====== AVAILABLE RECORDS

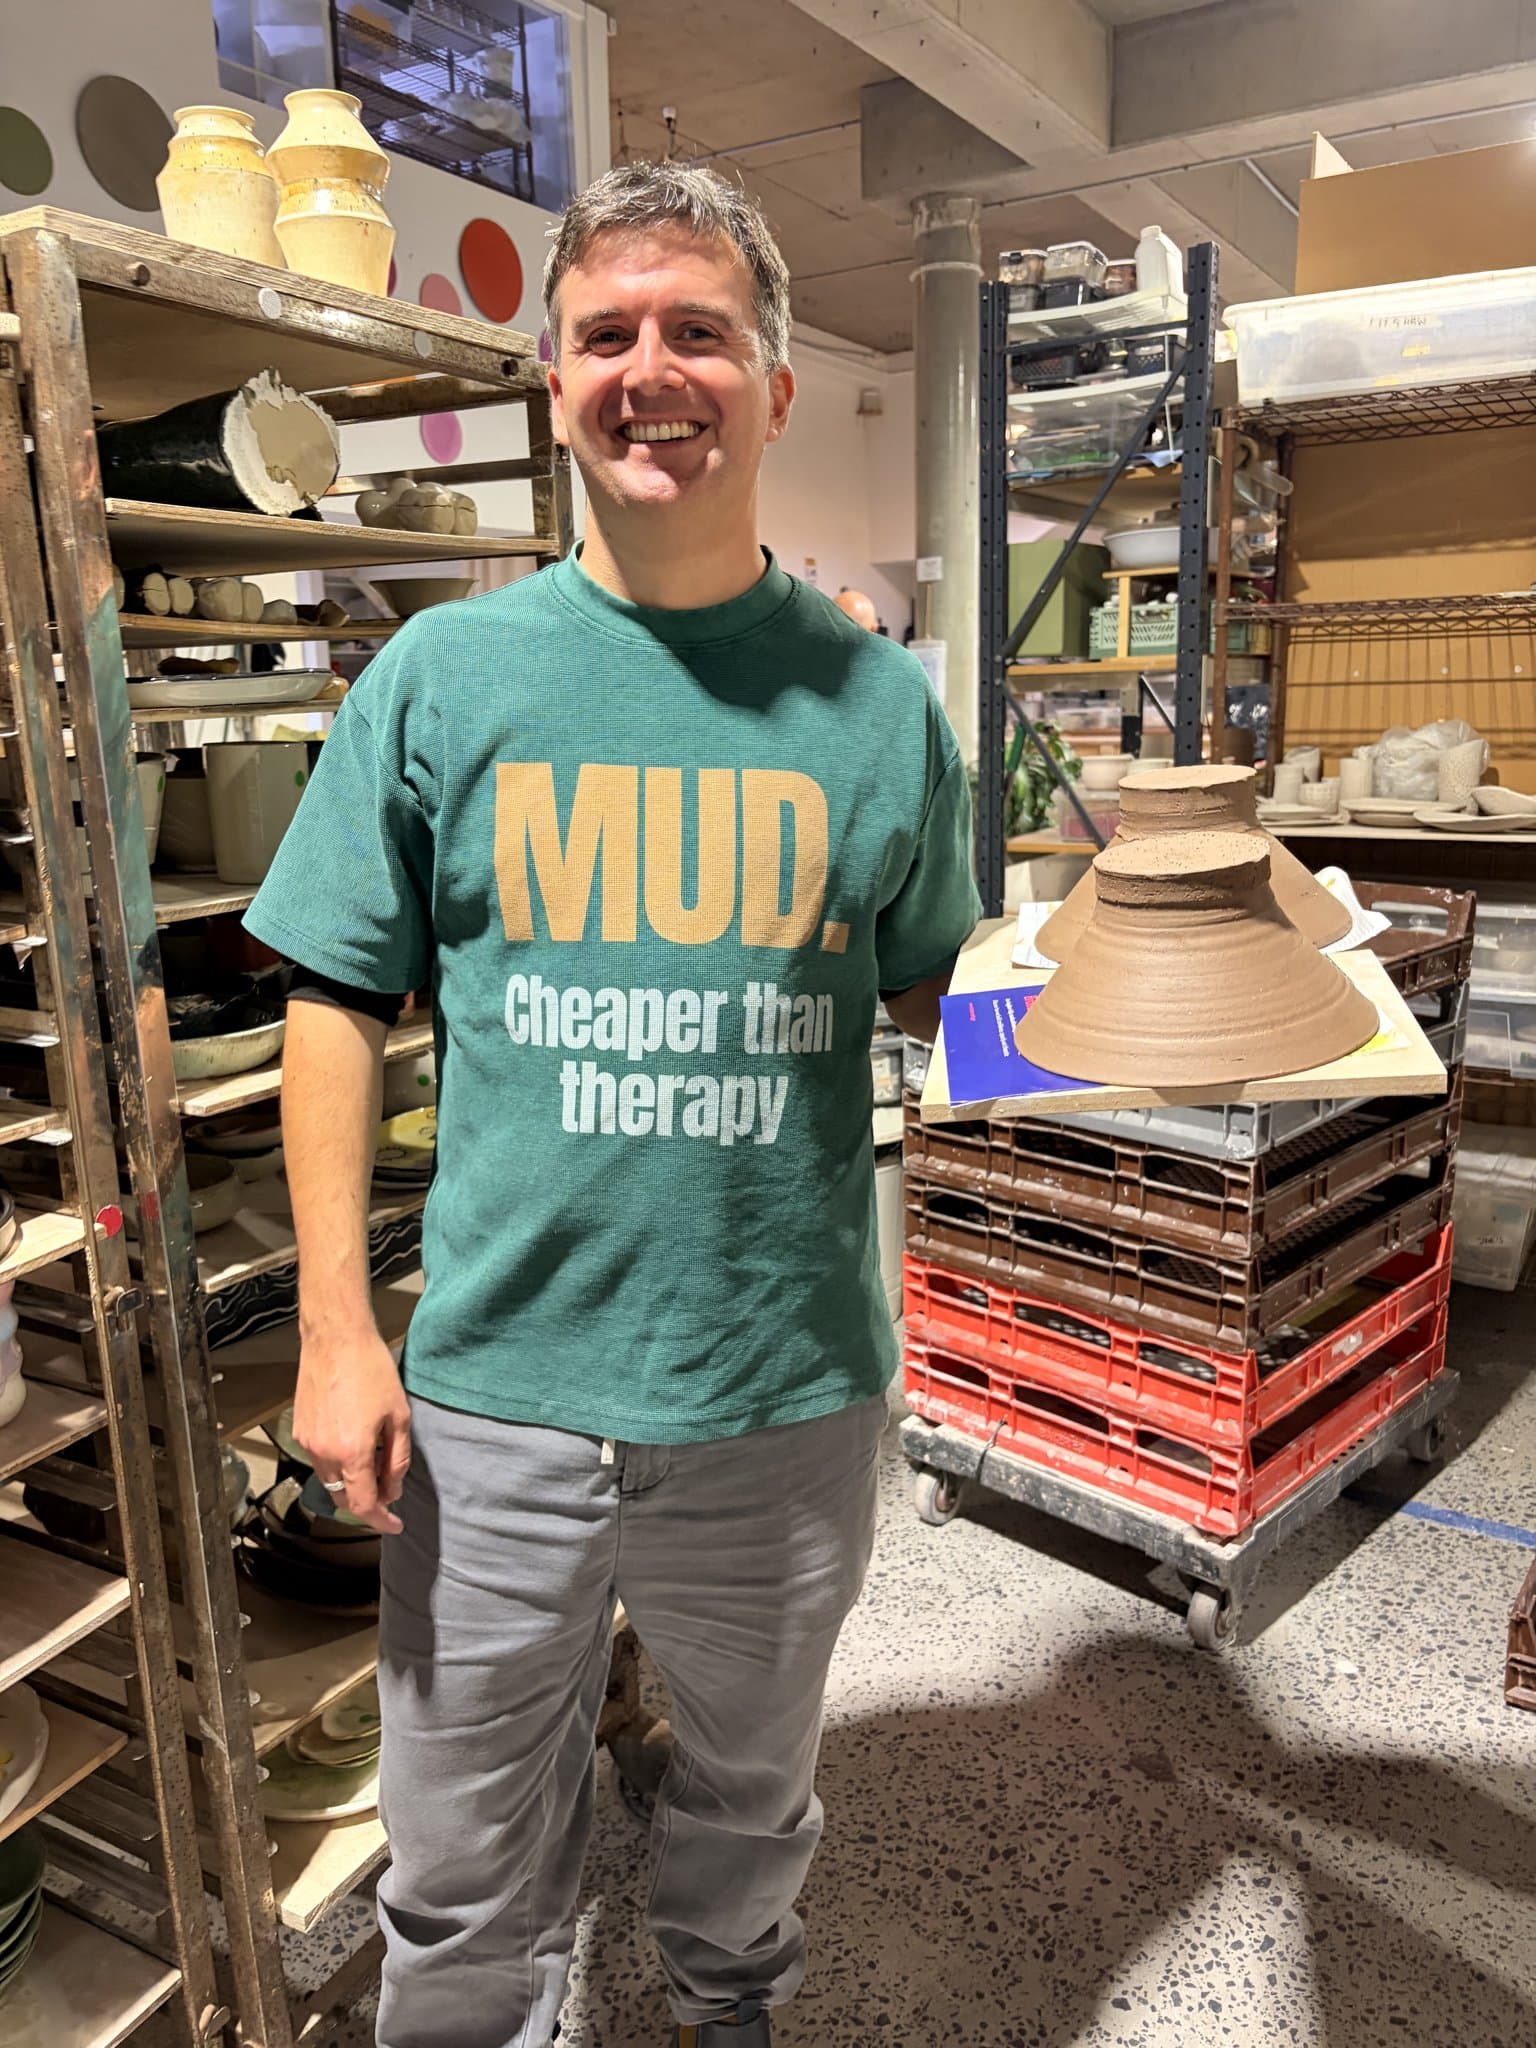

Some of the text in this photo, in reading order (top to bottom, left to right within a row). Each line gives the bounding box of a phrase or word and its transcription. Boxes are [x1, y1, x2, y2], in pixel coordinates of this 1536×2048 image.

[494, 762, 850, 954] MUD.
[504, 974, 833, 1061] Cheaper than
[559, 1060, 789, 1146] therapy
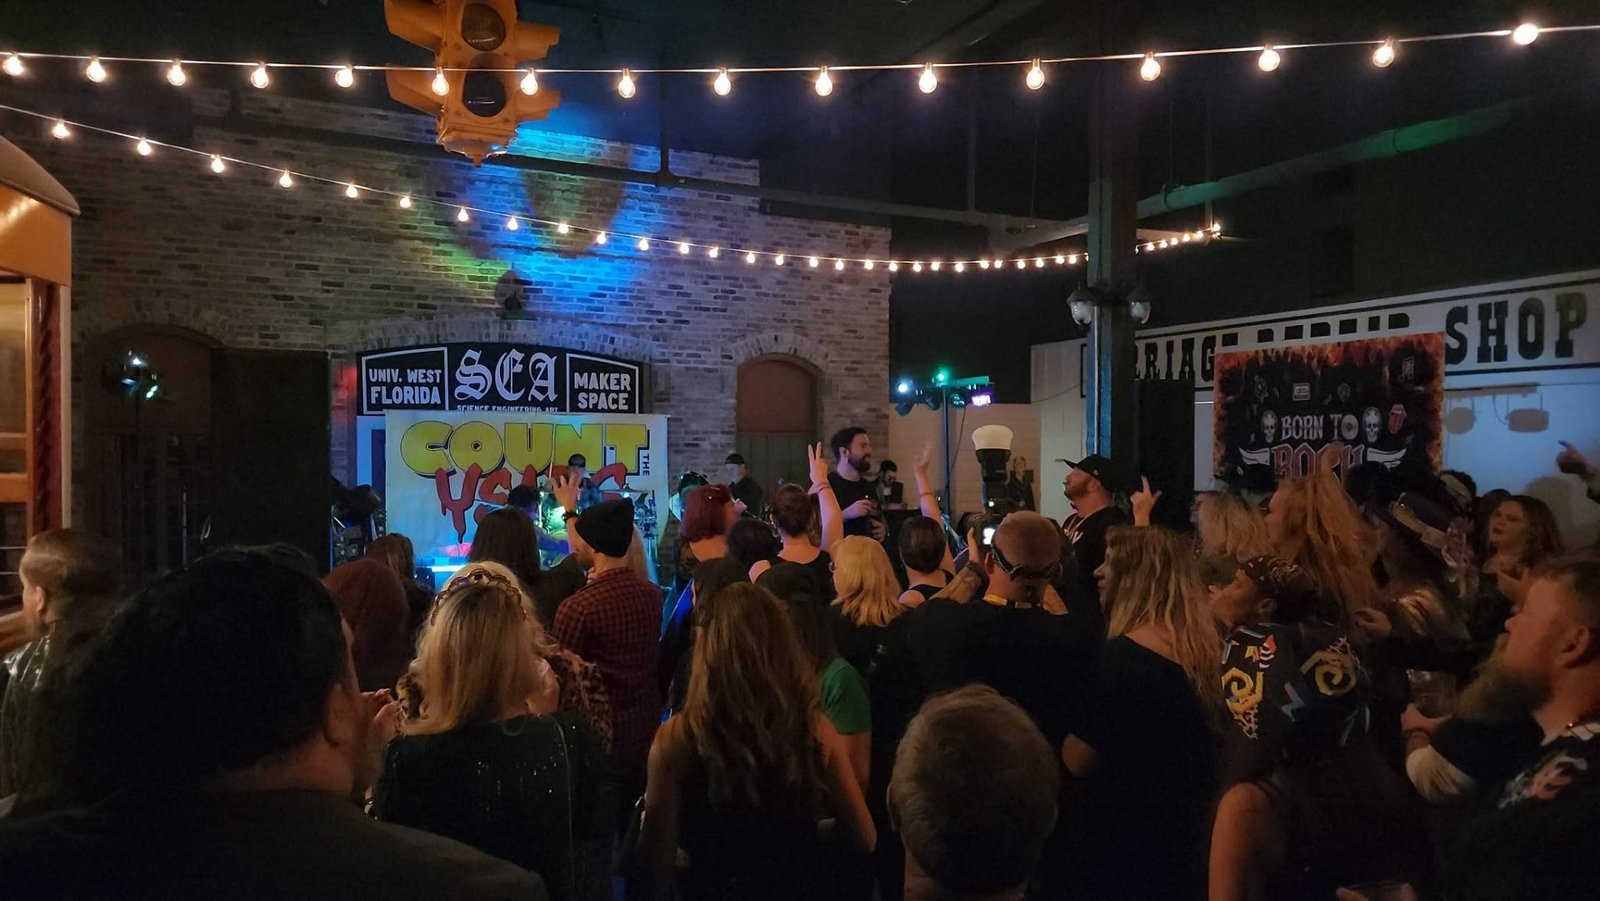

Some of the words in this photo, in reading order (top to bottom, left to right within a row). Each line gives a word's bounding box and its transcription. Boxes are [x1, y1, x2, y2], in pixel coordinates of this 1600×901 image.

============

**PROMPT**
Write every record out again exactly as written. Pictures don't belong in the copy.

**WRITTEN SOLUTION**
Some of the text in this photo, in reading order (top to bottom, left to right within a row). Each line gives the bounding box of a phrase or word and its transcription. Boxes are [x1, y1, x2, y2], in pixel coordinates of this 1536×2048 image.

[494, 762, 850, 954] MUD.
[504, 974, 833, 1061] Cheaper than
[559, 1060, 789, 1146] therapy

Some of the words in this photo, in reading order (top to bottom, left to right within a row). Each line gives a word's bounding box and its transcription. Boxes are [x1, y1, x2, y2], in pixel coordinates of this 1600×901 image.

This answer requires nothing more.